#### Task inputs ####

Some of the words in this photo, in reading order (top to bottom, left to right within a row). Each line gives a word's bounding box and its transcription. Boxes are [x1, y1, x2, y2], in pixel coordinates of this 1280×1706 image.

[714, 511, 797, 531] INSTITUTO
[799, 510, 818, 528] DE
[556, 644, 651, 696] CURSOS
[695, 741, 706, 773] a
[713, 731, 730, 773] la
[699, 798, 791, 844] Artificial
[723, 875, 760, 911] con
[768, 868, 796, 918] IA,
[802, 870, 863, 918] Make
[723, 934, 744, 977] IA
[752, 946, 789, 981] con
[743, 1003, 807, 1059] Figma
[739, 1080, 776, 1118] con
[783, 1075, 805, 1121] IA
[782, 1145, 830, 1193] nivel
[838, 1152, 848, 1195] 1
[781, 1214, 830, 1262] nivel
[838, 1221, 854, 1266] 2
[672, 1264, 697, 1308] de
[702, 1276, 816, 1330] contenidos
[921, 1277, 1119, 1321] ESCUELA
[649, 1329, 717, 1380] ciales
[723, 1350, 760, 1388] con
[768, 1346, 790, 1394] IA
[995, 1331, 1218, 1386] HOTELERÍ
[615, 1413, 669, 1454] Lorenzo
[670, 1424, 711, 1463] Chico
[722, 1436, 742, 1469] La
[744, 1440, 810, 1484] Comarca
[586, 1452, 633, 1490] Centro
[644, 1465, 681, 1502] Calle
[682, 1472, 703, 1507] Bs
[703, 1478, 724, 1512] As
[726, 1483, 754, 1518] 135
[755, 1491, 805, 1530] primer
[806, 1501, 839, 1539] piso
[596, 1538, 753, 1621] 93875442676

####

● Assigned task
Every line above should be written out again, unchanged.

● Task answer
Some of the words in this photo, in reading order (top to bottom, left to right within a row). Each line gives a word's bounding box and its transcription. Boxes are [x1, y1, x2, y2], in pixel coordinates of this 1280×1706 image.

[714, 511, 797, 531] INSTITUTO
[799, 510, 818, 528] DE
[556, 644, 651, 696] CURSOS
[695, 741, 706, 773] a
[713, 731, 730, 773] la
[699, 798, 791, 844] Artificial
[723, 875, 760, 911] con
[768, 868, 796, 918] IA,
[802, 870, 863, 918] Make
[723, 934, 744, 977] IA
[752, 946, 789, 981] con
[743, 1003, 807, 1059] Figma
[739, 1080, 776, 1118] con
[783, 1075, 805, 1121] IA
[782, 1145, 830, 1193] nivel
[838, 1152, 848, 1195] 1
[781, 1214, 830, 1262] nivel
[838, 1221, 854, 1266] 2
[672, 1264, 697, 1308] de
[702, 1276, 816, 1330] contenidos
[921, 1277, 1119, 1321] ESCUELA
[649, 1329, 717, 1380] ciales
[723, 1350, 760, 1388] con
[768, 1346, 790, 1394] IA
[995, 1331, 1218, 1386] HOTELERÍ
[615, 1413, 669, 1454] Lorenzo
[670, 1424, 711, 1463] Chico
[722, 1436, 742, 1469] La
[744, 1440, 810, 1484] Comarca
[586, 1452, 633, 1490] Centro
[644, 1465, 681, 1502] Calle
[682, 1472, 703, 1507] Bs
[703, 1478, 724, 1512] As
[726, 1483, 754, 1518] 135
[755, 1491, 805, 1530] primer
[806, 1501, 839, 1539] piso
[596, 1538, 753, 1621] 93875442676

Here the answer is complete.